Funny that you should mention that Bob. When I first moved here, there was a major flap with a couple that was concerned about the eco-system. They ripped up the green grass of their lawn and planted natural, drought tolerant plants and trees. They had taken a plan for their yard from a plan offered by the University of Florida that was represented as water saving and a look at how Florida was before people moved here.

Someone complained to the city that they didn’t like the way the yard looked. Because some of the ground cover grew to over 6 inches tall, they were cited for code violations.

While I understand Duck’s concerns, at some point we have to realize that this is not about trees. We can “cure” bad tree trimming with education. This is about power and the authority to control and rule a person’s property.

15 DensityDuck 06.09.11 at 3:05 pm

“What gives you or the state the right to determine what is “beautiful” on my property?”

How sad to hear that you’re legally prevented from selling your house and moving, and therefore cannot find a community that better suits your viewpoint.

I mean, that must be the case, right? It can’t possibly be true that you’d voluntarily stay in a place so strongly restrictive of your fundamental rights!

PS I like how you’ve totally given up on the public-safety argument. Point to me, it appears.

16 gitarcarver 06.09.11 at 4:26 pm

How sad to hear that you’re legally prevented from selling your house and moving, and therefore cannot find a community that better suits your viewpoint.

Are you really saying that I should be forced to sell my property because you don’t like the way it looks? Is that really what you mean? You can’t be serious.

I mean, that must be the case, right?
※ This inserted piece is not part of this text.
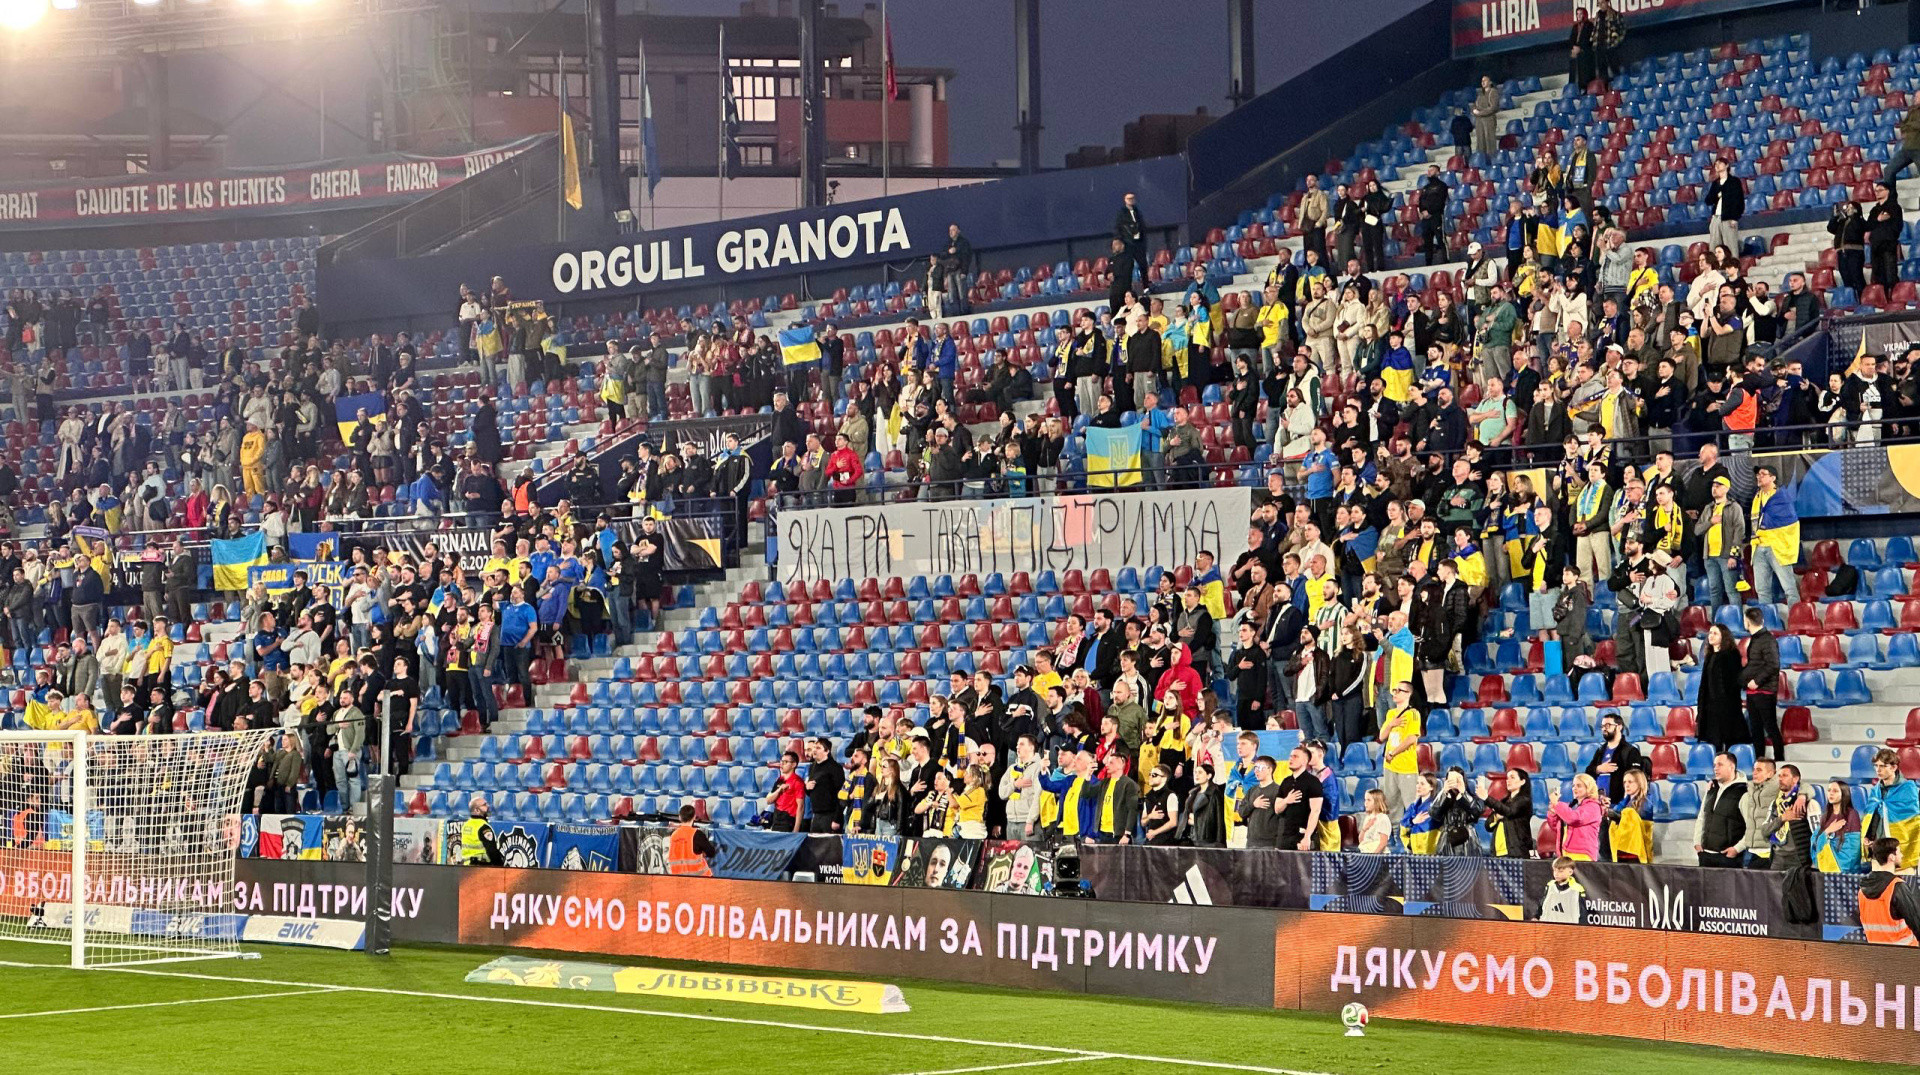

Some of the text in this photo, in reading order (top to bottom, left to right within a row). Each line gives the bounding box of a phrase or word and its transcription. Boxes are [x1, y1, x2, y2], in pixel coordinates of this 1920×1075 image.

It can’t possibly be true that you’d voluntarily stay in a place so strongly restrictive of your fundamental rights!

At least you are agreeing that this is a restriction on fundamental rights.

So tell me Duck, why do you support the restrictions of people’s rights based on aesthetic reasons? Tell me why a person should suffer a restriction of rights when there is no threat to other people’s rights?
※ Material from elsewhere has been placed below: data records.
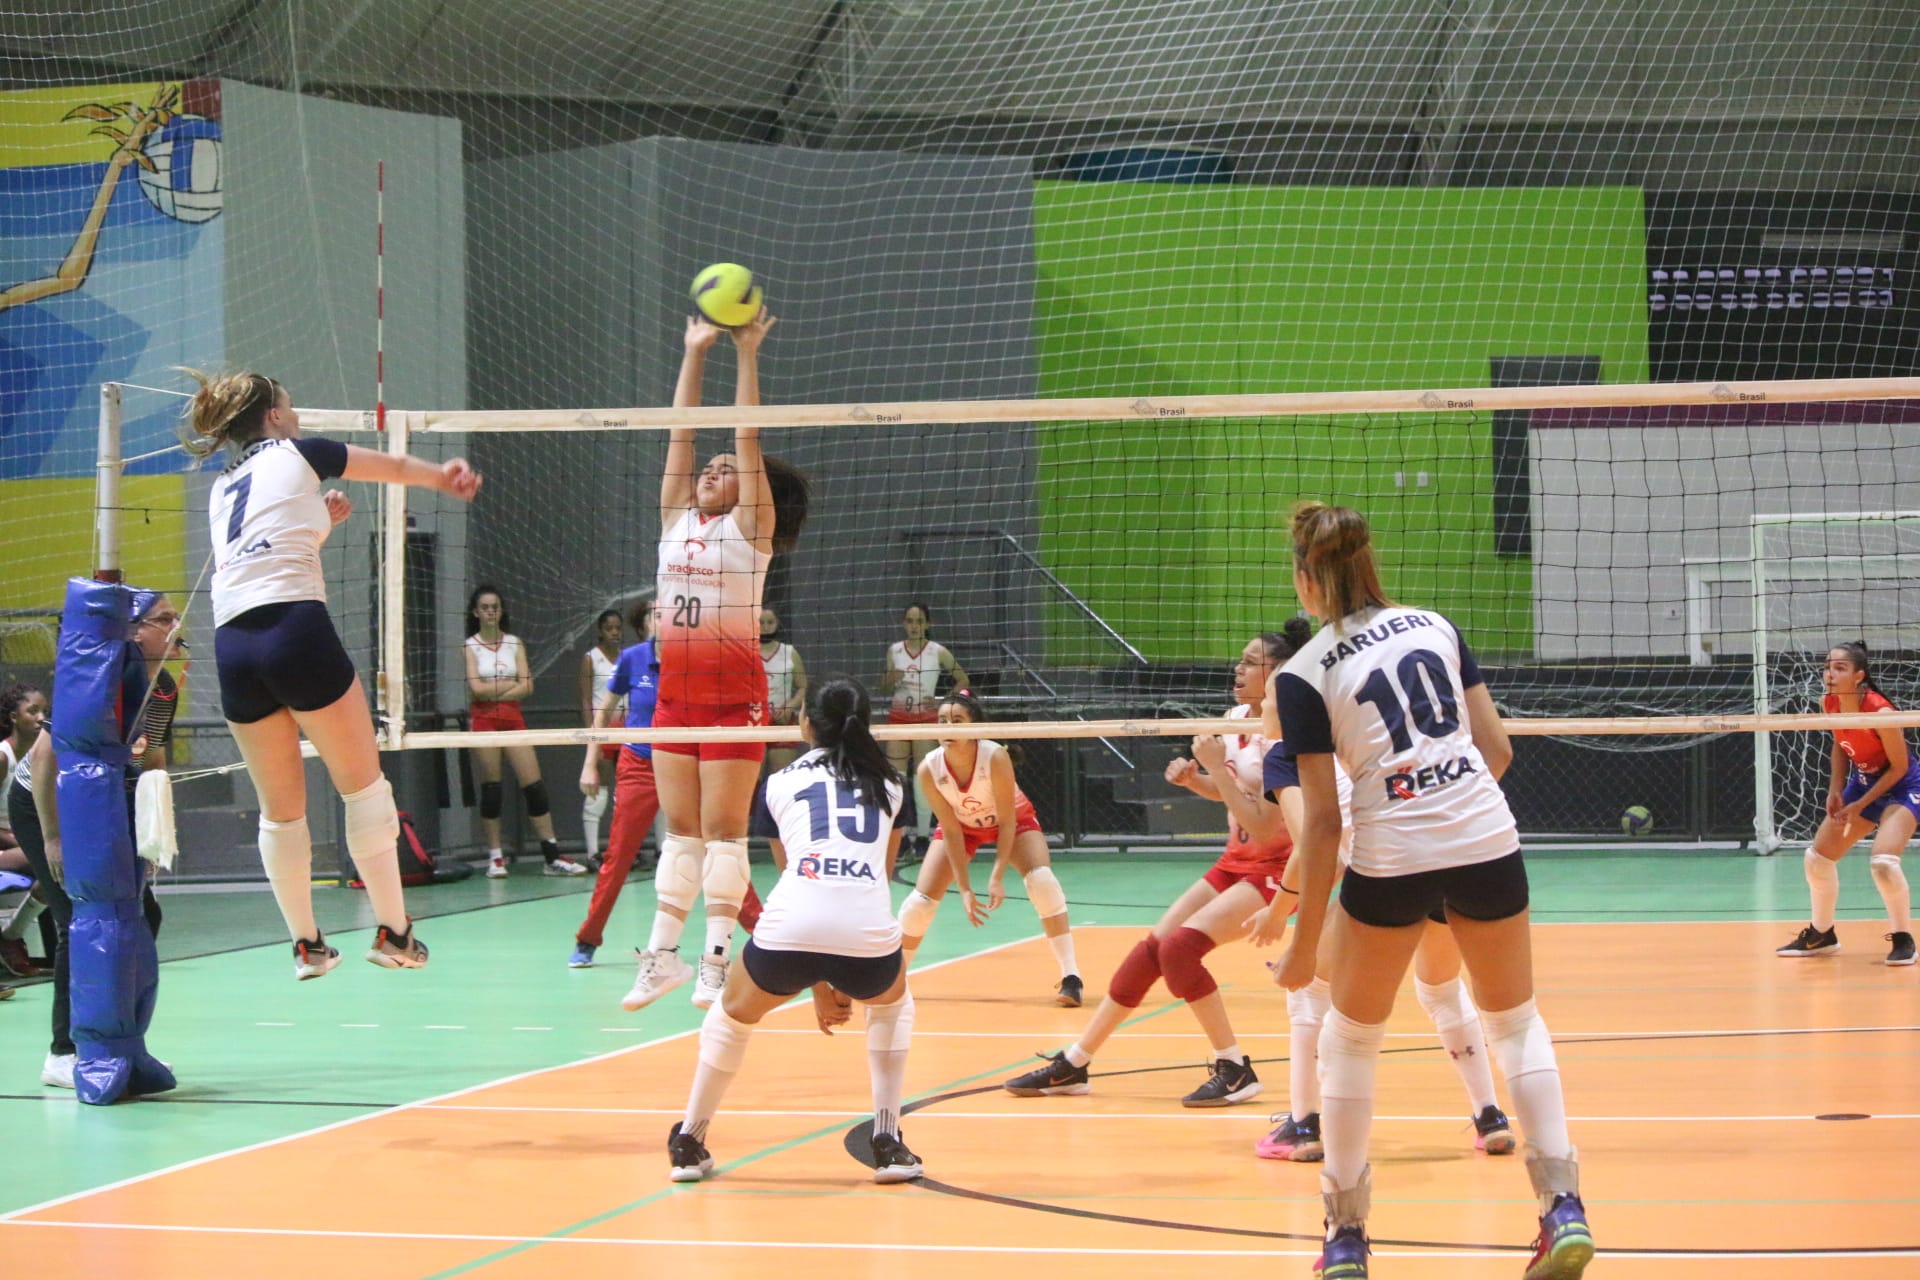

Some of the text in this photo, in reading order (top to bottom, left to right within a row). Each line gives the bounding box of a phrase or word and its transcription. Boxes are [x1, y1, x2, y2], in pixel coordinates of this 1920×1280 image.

[1447, 399, 1474, 408] Brasil
[1739, 392, 1766, 401] Brasil
[876, 413, 902, 423] Brasil
[1159, 407, 1185, 416] Brasil
[602, 419, 628, 428] Brasil
[223, 472, 253, 544] 7
[666, 563, 714, 577] bradesco
[672, 594, 701, 629] 20
[1319, 614, 1434, 671] BARUERI
[1355, 649, 1460, 755] 10
[794, 781, 880, 844] 15
You haven’t answered that, so I guess that is a couple points to me.

I like how you’ve totally given up on the public-safety argument. Point to me, it appears.

It was only an issue in your mind, Duck. Your premise seems to be that every tree that is trimmed improperly dies. That is factually false. Perhaps you believe that a dead tree means the owner is not liable for the damage if the owner knows the tree is dead. That is factually wrong. Or perhaps you believe that only dead trees or trees that have been improperly pruned fall to some unknown fate during weather events. That is factually false as well.

“Safety issue,” “it’s not about the money,” and “it’s for the kids” are all arguments from the same pile of manure.